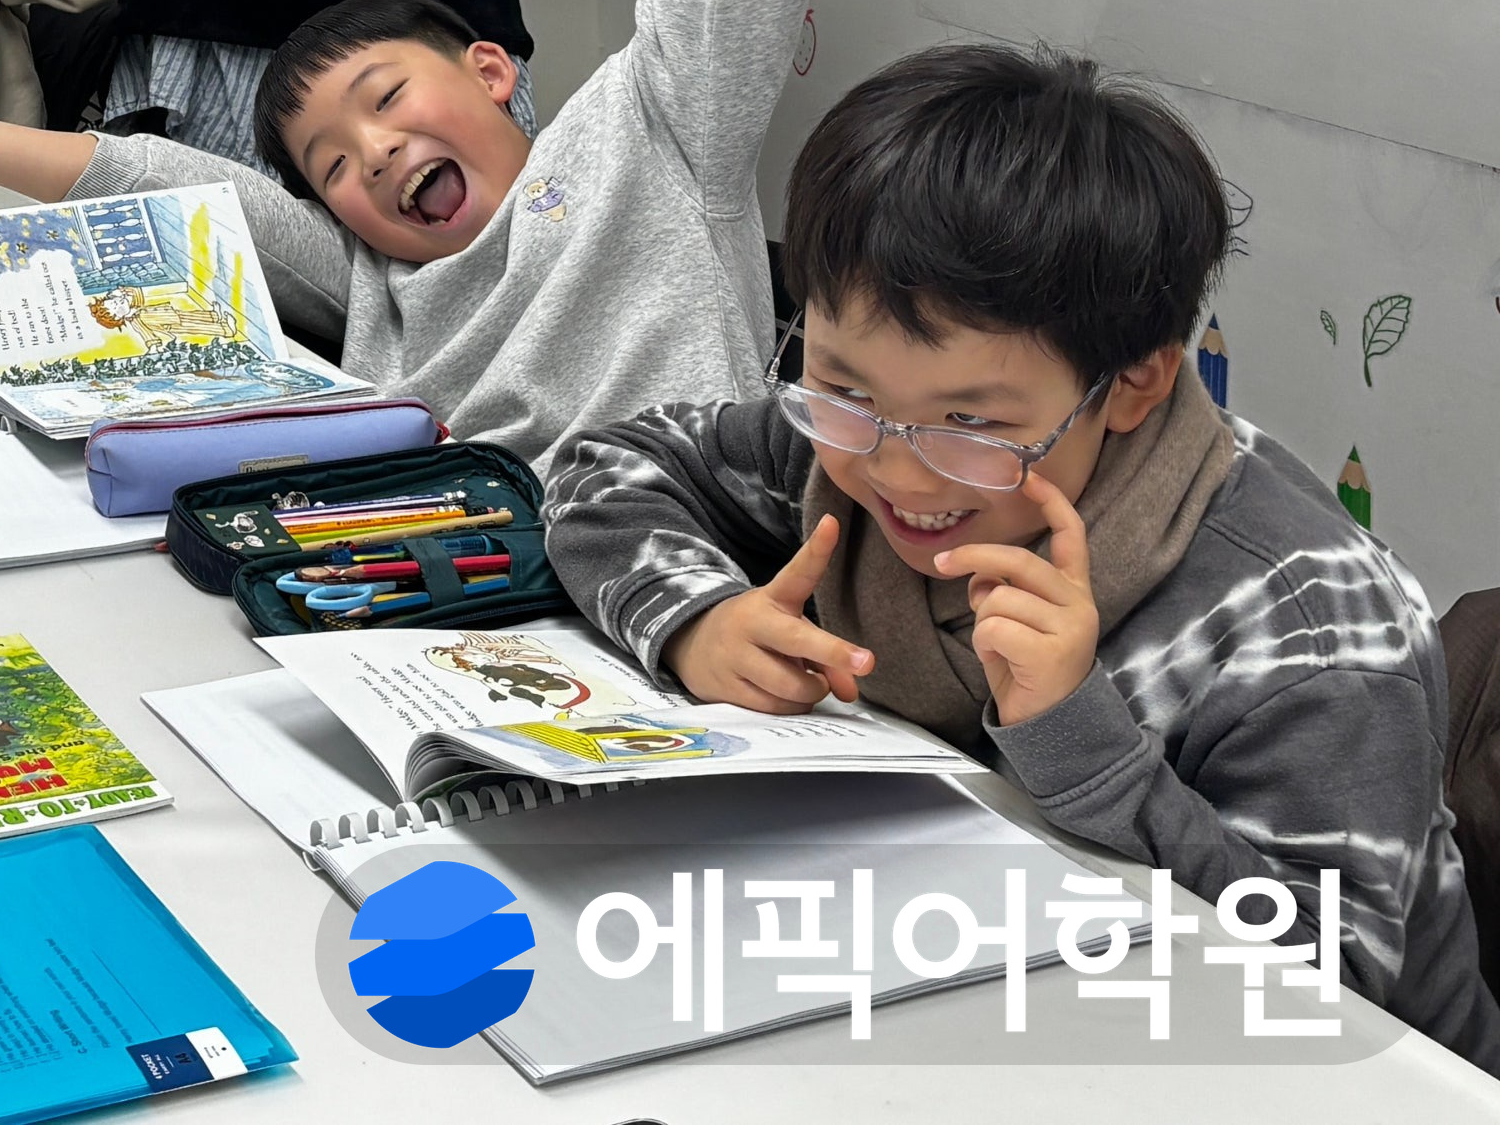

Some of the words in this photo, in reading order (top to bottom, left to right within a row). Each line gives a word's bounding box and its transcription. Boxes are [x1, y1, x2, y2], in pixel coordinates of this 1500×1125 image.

[13, 746, 48, 758] the
[47, 739, 87, 751] and
[80, 782, 157, 809] READY
[33, 796, 81, 819] TO
[140, 1052, 161, 1075] POCKET
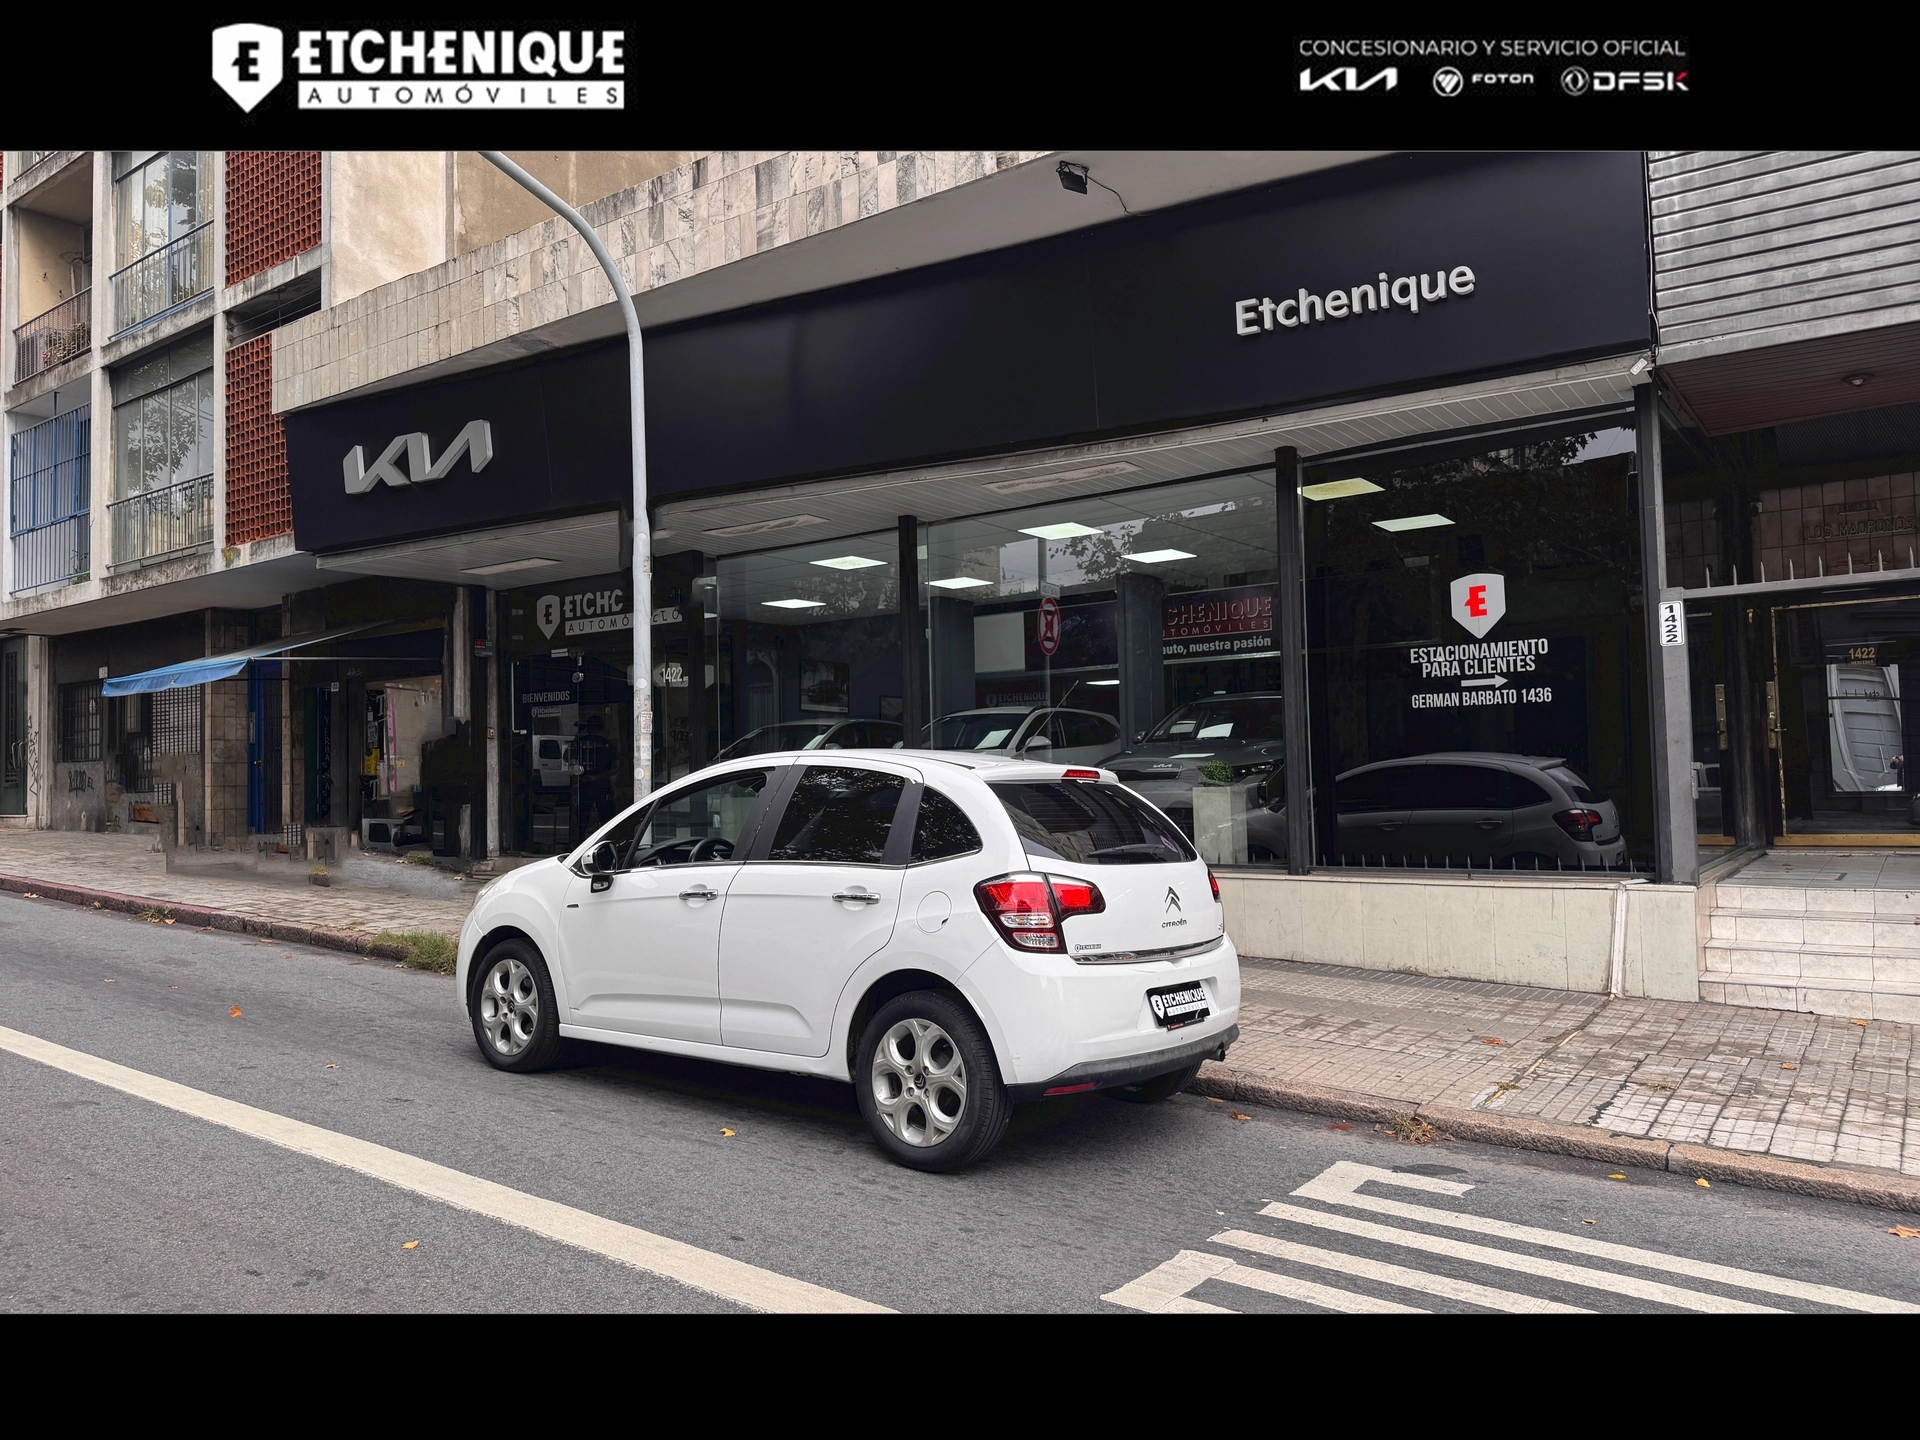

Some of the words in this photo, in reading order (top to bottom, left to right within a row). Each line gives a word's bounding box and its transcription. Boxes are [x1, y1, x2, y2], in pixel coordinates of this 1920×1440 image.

[1235, 265, 1476, 336] Etchenique
[343, 419, 493, 494] KIA
[1167, 596, 1272, 626] CHENIQUE
[1163, 620, 1269, 637] TOMÓVILES
[1664, 604, 1679, 643] 1422
[1189, 639, 1231, 653] nuestra
[1233, 635, 1271, 651] pasión
[1410, 638, 1549, 664] ESTACIONAMIENTO
[1848, 647, 1876, 660] 1422
[661, 666, 683, 684] 1422
[1422, 660, 1461, 678] PARA
[1464, 655, 1536, 675] CLIENTES
[522, 690, 571, 704] BIENVENIDOS
[1411, 692, 1460, 709] GERMAN
[1462, 689, 1517, 706] BARBATO
[1521, 687, 1552, 703] 1436
[1162, 987, 1206, 1008] ETCHENIQUE
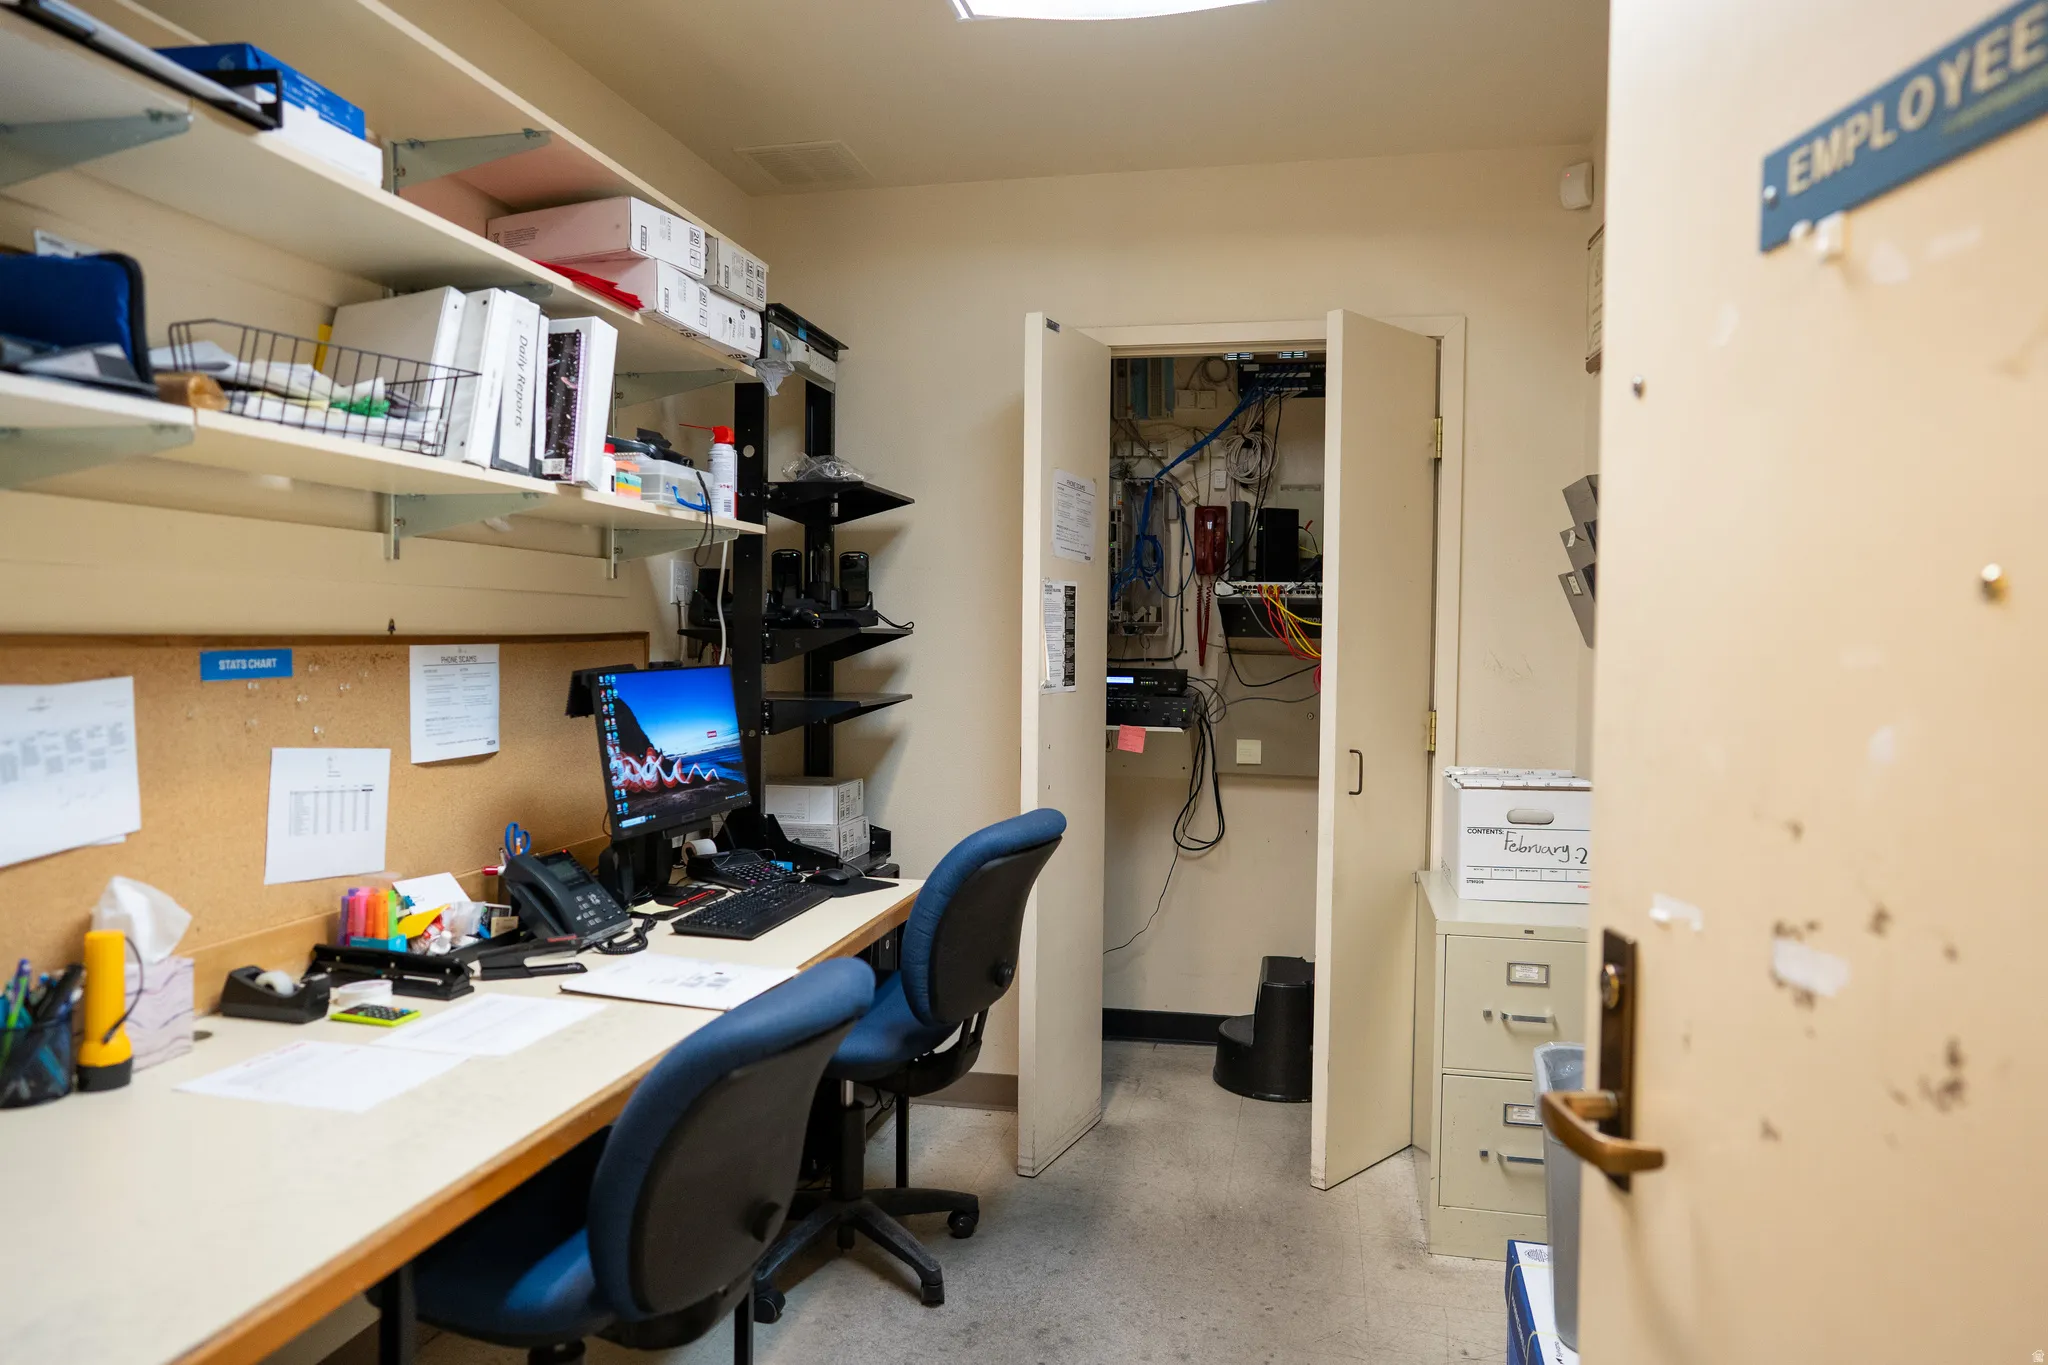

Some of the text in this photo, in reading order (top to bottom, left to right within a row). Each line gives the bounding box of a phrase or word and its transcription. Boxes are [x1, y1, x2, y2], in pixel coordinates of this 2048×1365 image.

[1787, 1, 2048, 196] EMPLOYEE
[515, 335, 528, 428] Daily Reports
[218, 657, 277, 671] STATS CHART
[458, 655, 478, 663] SCAMS
[1504, 831, 1570, 863] February

==========

EXERCISE BRIEF:
In your copy of the data above, leave out the pictures and repeat everything else exactly.

SOLVED EXERCISE:
Some of the words in this photo, in reading order (top to bottom, left to right within a row). Each line gives a word's bounding box and its transcription. Boxes are [x1, y1, x2, y2], in pixel coordinates of this 1500×1125 image.

[13, 746, 48, 758] the
[47, 739, 87, 751] and
[80, 782, 157, 809] READY
[33, 796, 81, 819] TO
[140, 1052, 161, 1075] POCKET

Some of the words in this photo, in reading order (top to bottom, left to right within a row). Each line gives a word's bounding box and its transcription. Boxes are [x1, y1, x2, y2], in pixel coordinates of this 1920×1440 image.

[1235, 265, 1476, 336] Etchenique
[343, 419, 493, 494] KIA
[1167, 596, 1272, 626] CHENIQUE
[1163, 620, 1269, 637] TOMÓVILES
[1664, 604, 1679, 643] 1422
[1189, 639, 1231, 653] nuestra
[1233, 635, 1271, 651] pasión
[1410, 638, 1549, 664] ESTACIONAMIENTO
[1848, 647, 1876, 660] 1422
[661, 666, 683, 684] 1422
[1422, 660, 1461, 678] PARA
[1464, 655, 1536, 675] CLIENTES
[522, 690, 571, 704] BIENVENIDOS
[1411, 692, 1460, 709] GERMAN
[1462, 689, 1517, 706] BARBATO
[1521, 687, 1552, 703] 1436
[1162, 987, 1206, 1008] ETCHENIQUE

Some of the text in this photo, in reading order (top to bottom, left to right within a row). Each line gives the bounding box of a phrase or word and its transcription. Boxes are [x1, y1, x2, y2], in pixel coordinates of this 2048×1365 image.

[1787, 1, 2048, 196] EMPLOYEE
[515, 335, 528, 428] Daily Reports
[218, 657, 277, 671] STATS CHART
[458, 655, 478, 663] SCAMS
[1504, 831, 1570, 863] February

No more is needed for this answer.